### [Assignment]
The entries that follow are to be duplicated in full, character for character.

### [Data for processing]
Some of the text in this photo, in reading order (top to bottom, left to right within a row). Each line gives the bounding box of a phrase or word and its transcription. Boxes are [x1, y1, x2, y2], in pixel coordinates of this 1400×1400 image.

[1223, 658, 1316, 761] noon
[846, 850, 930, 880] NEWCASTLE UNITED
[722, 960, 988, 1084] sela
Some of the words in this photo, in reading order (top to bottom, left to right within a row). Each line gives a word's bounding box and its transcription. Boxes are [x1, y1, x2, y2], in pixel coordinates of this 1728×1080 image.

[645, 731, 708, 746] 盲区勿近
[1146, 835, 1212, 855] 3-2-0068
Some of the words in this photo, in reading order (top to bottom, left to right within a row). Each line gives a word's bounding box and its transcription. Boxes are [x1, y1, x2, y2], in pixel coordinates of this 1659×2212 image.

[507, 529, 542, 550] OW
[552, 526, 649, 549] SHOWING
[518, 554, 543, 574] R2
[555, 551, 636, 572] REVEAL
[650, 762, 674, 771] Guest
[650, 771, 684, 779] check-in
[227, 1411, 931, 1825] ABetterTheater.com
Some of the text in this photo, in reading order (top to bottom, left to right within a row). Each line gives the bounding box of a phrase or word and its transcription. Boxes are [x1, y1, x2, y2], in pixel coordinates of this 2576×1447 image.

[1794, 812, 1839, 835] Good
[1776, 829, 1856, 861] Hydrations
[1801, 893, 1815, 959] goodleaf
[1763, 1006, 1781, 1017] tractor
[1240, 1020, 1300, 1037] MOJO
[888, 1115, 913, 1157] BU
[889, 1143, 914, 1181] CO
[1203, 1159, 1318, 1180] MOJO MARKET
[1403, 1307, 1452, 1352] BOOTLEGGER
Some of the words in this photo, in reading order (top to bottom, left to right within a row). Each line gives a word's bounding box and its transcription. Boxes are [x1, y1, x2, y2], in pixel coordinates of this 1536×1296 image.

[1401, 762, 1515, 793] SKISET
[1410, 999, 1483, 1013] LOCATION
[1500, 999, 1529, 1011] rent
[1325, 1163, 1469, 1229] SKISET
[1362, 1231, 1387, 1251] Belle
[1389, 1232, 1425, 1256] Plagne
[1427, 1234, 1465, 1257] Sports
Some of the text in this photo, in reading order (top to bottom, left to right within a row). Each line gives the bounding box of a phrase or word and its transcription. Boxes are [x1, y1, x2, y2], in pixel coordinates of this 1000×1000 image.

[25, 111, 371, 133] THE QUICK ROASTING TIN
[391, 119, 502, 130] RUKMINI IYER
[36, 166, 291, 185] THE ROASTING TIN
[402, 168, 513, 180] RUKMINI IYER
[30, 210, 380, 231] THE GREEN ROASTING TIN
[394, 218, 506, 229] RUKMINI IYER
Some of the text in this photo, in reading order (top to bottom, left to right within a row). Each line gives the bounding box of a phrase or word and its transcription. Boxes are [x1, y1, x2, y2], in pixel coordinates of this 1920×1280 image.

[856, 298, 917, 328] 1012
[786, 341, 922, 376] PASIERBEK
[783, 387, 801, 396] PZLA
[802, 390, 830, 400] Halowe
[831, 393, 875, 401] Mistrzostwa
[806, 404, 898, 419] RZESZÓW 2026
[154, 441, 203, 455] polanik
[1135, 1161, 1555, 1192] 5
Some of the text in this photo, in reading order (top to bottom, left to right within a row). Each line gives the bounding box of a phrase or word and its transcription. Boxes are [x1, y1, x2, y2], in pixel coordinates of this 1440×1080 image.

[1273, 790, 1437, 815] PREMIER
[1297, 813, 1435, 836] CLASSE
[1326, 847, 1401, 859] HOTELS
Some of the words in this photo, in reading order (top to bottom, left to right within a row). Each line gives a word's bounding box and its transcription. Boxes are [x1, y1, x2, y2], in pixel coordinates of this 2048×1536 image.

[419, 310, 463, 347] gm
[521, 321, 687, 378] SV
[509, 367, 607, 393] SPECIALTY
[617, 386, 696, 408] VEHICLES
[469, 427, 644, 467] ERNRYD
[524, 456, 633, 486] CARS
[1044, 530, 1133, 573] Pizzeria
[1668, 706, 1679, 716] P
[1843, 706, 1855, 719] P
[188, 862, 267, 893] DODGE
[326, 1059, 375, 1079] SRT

### [Response]
Some of the text in this photo, in reading order (top to bottom, left to right within a row). Each line gives the bounding box of a phrase or word and its transcription. Boxes are [x1, y1, x2, y2], in pixel coordinates of this 1400×1400 image.

[1223, 658, 1316, 761] noon
[846, 850, 930, 880] NEWCASTLE UNITED
[722, 960, 988, 1084] sela
Some of the words in this photo, in reading order (top to bottom, left to right within a row). Each line gives a word's bounding box and its transcription. Boxes are [x1, y1, x2, y2], in pixel coordinates of this 1728×1080 image.

[645, 731, 708, 746] 盲区勿近
[1146, 835, 1212, 855] 3-2-0068
Some of the words in this photo, in reading order (top to bottom, left to right within a row). Each line gives a word's bounding box and its transcription. Boxes are [x1, y1, x2, y2], in pixel coordinates of this 1659×2212 image.

[507, 529, 542, 550] OW
[552, 526, 649, 549] SHOWING
[518, 554, 543, 574] R2
[555, 551, 636, 572] REVEAL
[650, 762, 674, 771] Guest
[650, 771, 684, 779] check-in
[227, 1411, 931, 1825] ABetterTheater.com
Some of the text in this photo, in reading order (top to bottom, left to right within a row). Each line gives the bounding box of a phrase or word and its transcription. Boxes are [x1, y1, x2, y2], in pixel coordinates of this 2576×1447 image.

[1794, 812, 1839, 835] Good
[1776, 829, 1856, 861] Hydrations
[1801, 893, 1815, 959] goodleaf
[1763, 1006, 1781, 1017] tractor
[1240, 1020, 1300, 1037] MOJO
[888, 1115, 913, 1157] BU
[889, 1143, 914, 1181] CO
[1203, 1159, 1318, 1180] MOJO MARKET
[1403, 1307, 1452, 1352] BOOTLEGGER
Some of the words in this photo, in reading order (top to bottom, left to right within a row). Each line gives a word's bounding box and its transcription. Boxes are [x1, y1, x2, y2], in pixel coordinates of this 1536×1296 image.

[1401, 762, 1515, 793] SKISET
[1410, 999, 1483, 1013] LOCATION
[1500, 999, 1529, 1011] rent
[1325, 1163, 1469, 1229] SKISET
[1362, 1231, 1387, 1251] Belle
[1389, 1232, 1425, 1256] Plagne
[1427, 1234, 1465, 1257] Sports
Some of the text in this photo, in reading order (top to bottom, left to right within a row). Each line gives the bounding box of a phrase or word and its transcription. Boxes are [x1, y1, x2, y2], in pixel coordinates of this 1000×1000 image.

[25, 111, 371, 133] THE QUICK ROASTING TIN
[391, 119, 502, 130] RUKMINI IYER
[36, 166, 291, 185] THE ROASTING TIN
[402, 168, 513, 180] RUKMINI IYER
[30, 210, 380, 231] THE GREEN ROASTING TIN
[394, 218, 506, 229] RUKMINI IYER
Some of the text in this photo, in reading order (top to bottom, left to right within a row). Each line gives the bounding box of a phrase or word and its transcription. Boxes are [x1, y1, x2, y2], in pixel coordinates of this 1920×1280 image.

[856, 298, 917, 328] 1012
[786, 341, 922, 376] PASIERBEK
[783, 387, 801, 396] PZLA
[802, 390, 830, 400] Halowe
[831, 393, 875, 401] Mistrzostwa
[806, 404, 898, 419] RZESZÓW 2026
[154, 441, 203, 455] polanik
[1135, 1161, 1555, 1192] 5
Some of the text in this photo, in reading order (top to bottom, left to right within a row). Each line gives the bounding box of a phrase or word and its transcription. Boxes are [x1, y1, x2, y2], in pixel coordinates of this 1440×1080 image.

[1273, 790, 1437, 815] PREMIER
[1297, 813, 1435, 836] CLASSE
[1326, 847, 1401, 859] HOTELS
Some of the words in this photo, in reading order (top to bottom, left to right within a row). Each line gives a word's bounding box and its transcription. Boxes are [x1, y1, x2, y2], in pixel coordinates of this 2048×1536 image.

[419, 310, 463, 347] gm
[521, 321, 687, 378] SV
[509, 367, 607, 393] SPECIALTY
[617, 386, 696, 408] VEHICLES
[469, 427, 644, 467] ERNRYD
[524, 456, 633, 486] CARS
[1044, 530, 1133, 573] Pizzeria
[1668, 706, 1679, 716] P
[1843, 706, 1855, 719] P
[188, 862, 267, 893] DODGE
[326, 1059, 375, 1079] SRT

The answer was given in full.